Transitions in School

Transitions are often marked by celebration. There is joy and sadness, and looking forward and reminiscing, and there is movement and noise. But effective transitions also require stillness and some quiet, or at least being removed from our normal environment for a short while. Gratitude can flow into this space, and we can also resolve to make the most of what lies ahead. Sometimes in our efforts to prepare boys for the next phase of their lives, I think we take a little too much of the risk and excitement out of it. It is nice to know what is coming so that we can prepare for it, but life is not always like that. We are tested when the unexpected happens; we face our fears when we begin a new undertaking or enter a field for the first time. I am not suggesting that we should push them out the door and say, "Off you go!" without any assistance. We should make sure they have three things:

  • A support toolkit (containing the skills to look after themselves and care for others)
  • A map (which contains a strong sense of where they have come from and a clear picture of the possible directions they might take, but not necessarily a final destination)
  • A compass (a set of values which will guide them)

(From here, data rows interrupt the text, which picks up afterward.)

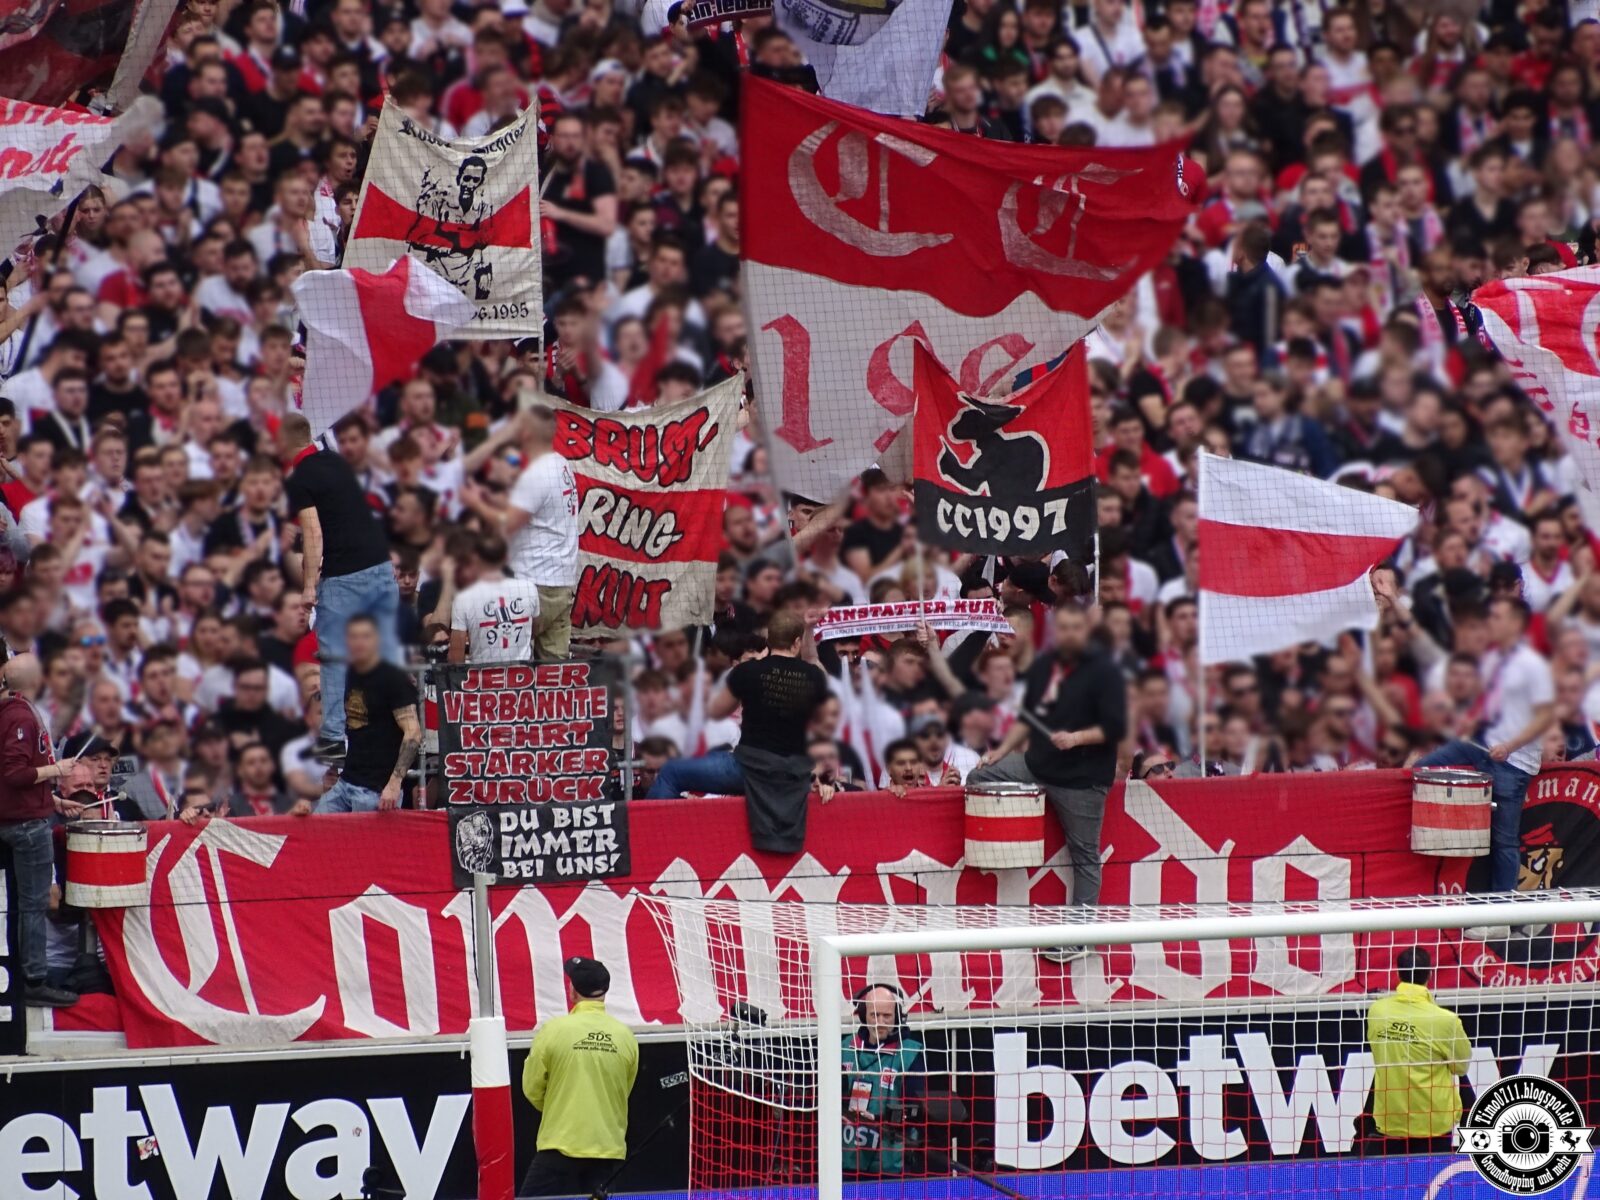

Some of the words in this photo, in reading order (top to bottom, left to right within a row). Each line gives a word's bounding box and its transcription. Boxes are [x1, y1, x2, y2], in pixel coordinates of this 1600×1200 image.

[471, 302, 530, 320] 6.1995
[937, 497, 1069, 542] CC1997
[569, 562, 672, 630] KULT
[819, 602, 947, 627] NNSTATTER
[953, 599, 998, 616] KUR
[461, 663, 591, 691] JEDER
[443, 686, 608, 724] VERBANNTE
[461, 719, 594, 749] KEHRT
[448, 775, 606, 804] ZURÜCK
[499, 809, 540, 832] DU
[552, 803, 615, 828] BIST
[500, 828, 619, 858] IMMER
[502, 859, 545, 878] BEI
[556, 853, 622, 876] UNS!
[587, 1032, 612, 1042] SDS
[994, 1032, 1560, 1170] betw
[0, 1083, 472, 1200] etway
[842, 1125, 880, 1150] OST
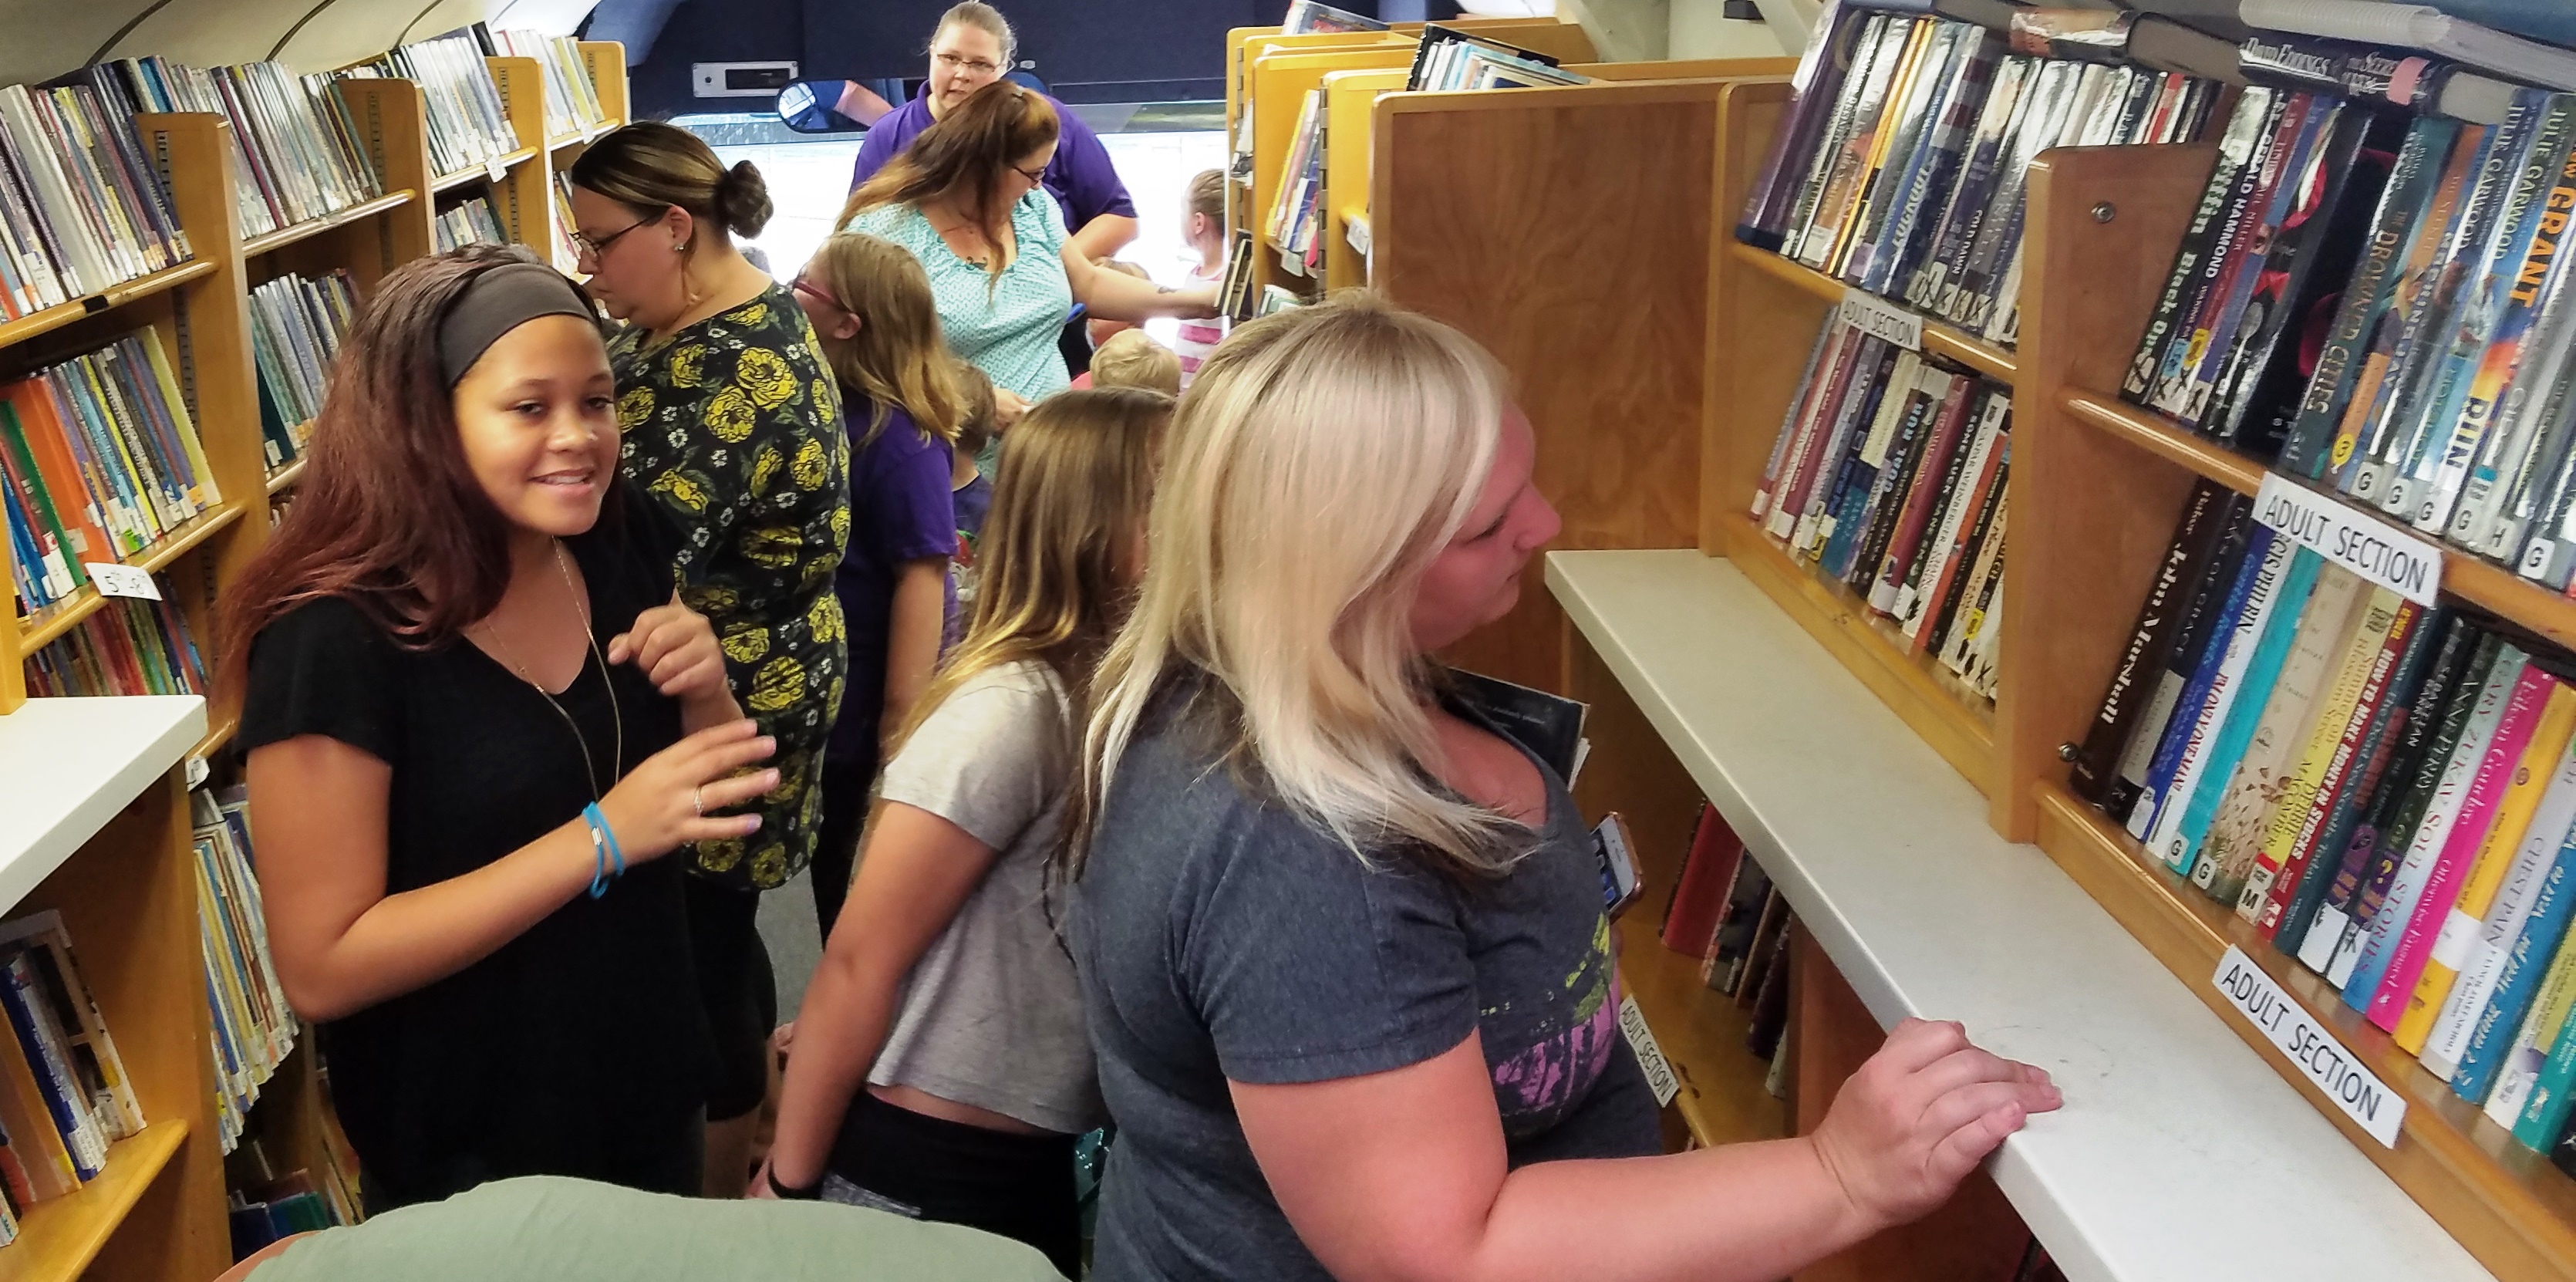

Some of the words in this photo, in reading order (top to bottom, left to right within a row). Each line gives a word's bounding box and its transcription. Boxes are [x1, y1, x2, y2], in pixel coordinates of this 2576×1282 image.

[2493, 100, 2526, 155] JULIE
[2534, 105, 2568, 160] JULIE
[2456, 154, 2504, 253] GARWOOD
[2491, 161, 2544, 263] GARWOOD
[2202, 195, 2247, 280] HAMMOND
[2507, 179, 2576, 309] GRANT
[2158, 248, 2199, 317] Black
[2341, 224, 2399, 343] DROWNED
[1873, 305, 1915, 346] SECTION
[2304, 342, 2350, 419] CITIES
[2444, 393, 2489, 472] RUN
[1941, 456, 1961, 495] LUCK
[2357, 472, 2372, 491] G
[2388, 484, 2402, 504] G
[2418, 501, 2434, 522] G
[2456, 508, 2470, 530] G
[2262, 492, 2331, 546] ADULT
[2334, 525, 2429, 594] SECTION
[2262, 529, 2291, 570] EGIS
[2527, 547, 2543, 569] G
[2150, 541, 2190, 609] John
[2234, 565, 2274, 636] PHILBIN
[2099, 610, 2160, 725] Marshall
[2335, 652, 2374, 724] Summer
[2361, 681, 2378, 704] TO
[2369, 646, 2395, 684] HOW
[2475, 655, 2513, 722] GARY
[2342, 702, 2369, 744] MAKE
[2442, 668, 2479, 736] ANNE
[2325, 722, 2341, 746] on
[2360, 717, 2385, 757] Dead
[2322, 741, 2352, 790] MONEY
[2345, 758, 2366, 791] Sea
[2436, 725, 2481, 807] ZUKAV
[2264, 757, 2312, 850] MACOMBER
[2282, 781, 2318, 842] DEBBIE
[2315, 786, 2331, 808] IN
[2321, 791, 2351, 843] Scrolls
[2168, 838, 2185, 859] G
[2290, 805, 2323, 862] STOCKS
[2404, 808, 2443, 872] SOUL
[2198, 862, 2210, 880] G
[2300, 840, 2328, 886] Today
[2507, 834, 2547, 902] CHEST
[2241, 888, 2261, 910] M
[2355, 878, 2409, 977] STORIES
[1621, 1005, 1645, 1043] ADULT
[1639, 1041, 1673, 1097] SECTION
[2220, 963, 2291, 1033] ADULT
[2288, 1022, 2382, 1123] SECTION

These are not things we can give them on the morning of them undertaking their new adventure. These are things which must be developed over time, and which involve deep conversations and input from a variety of people. Sometimes, though, these will still not be enough. They will fail or get lost. As long as they know how to use their toolkit, map and compass, they will hopefully be able to find their way onto a pathway that is good for them. There is a satisfaction in owning our own progress and there is great joy in discovering for oneself; we should not rob our boys of either of these. 

Year 2 and 12 Gatherings

One small way in which we try to provide Year 12s with an opportunity to reflect on how far they have come is through the Year 2 and 12 gatherings. We had the last of these for our leaving Year 12s after March Out; it was one final opportunity to see how much they have grown and to briefly put aside the new world that awaits them as they spend time with their Year 2 buddies. It gives the younger boys something to aspire to. And in a couple of weeks, we will begin again with the new Year 12s (the leaving class of 2021) and our current Year 1s. 

SchoolTV

This month's online edition of this parenting webpage deals with the topic of raising boys . I found the articles at the bottom of most interest, particularly  Twelve Tips for Parenting Boys  and  Communicating with Teenage Boys . There is also a Maggie Dent article, on  Understanding, Nurturing and Connecting , which is worth a read.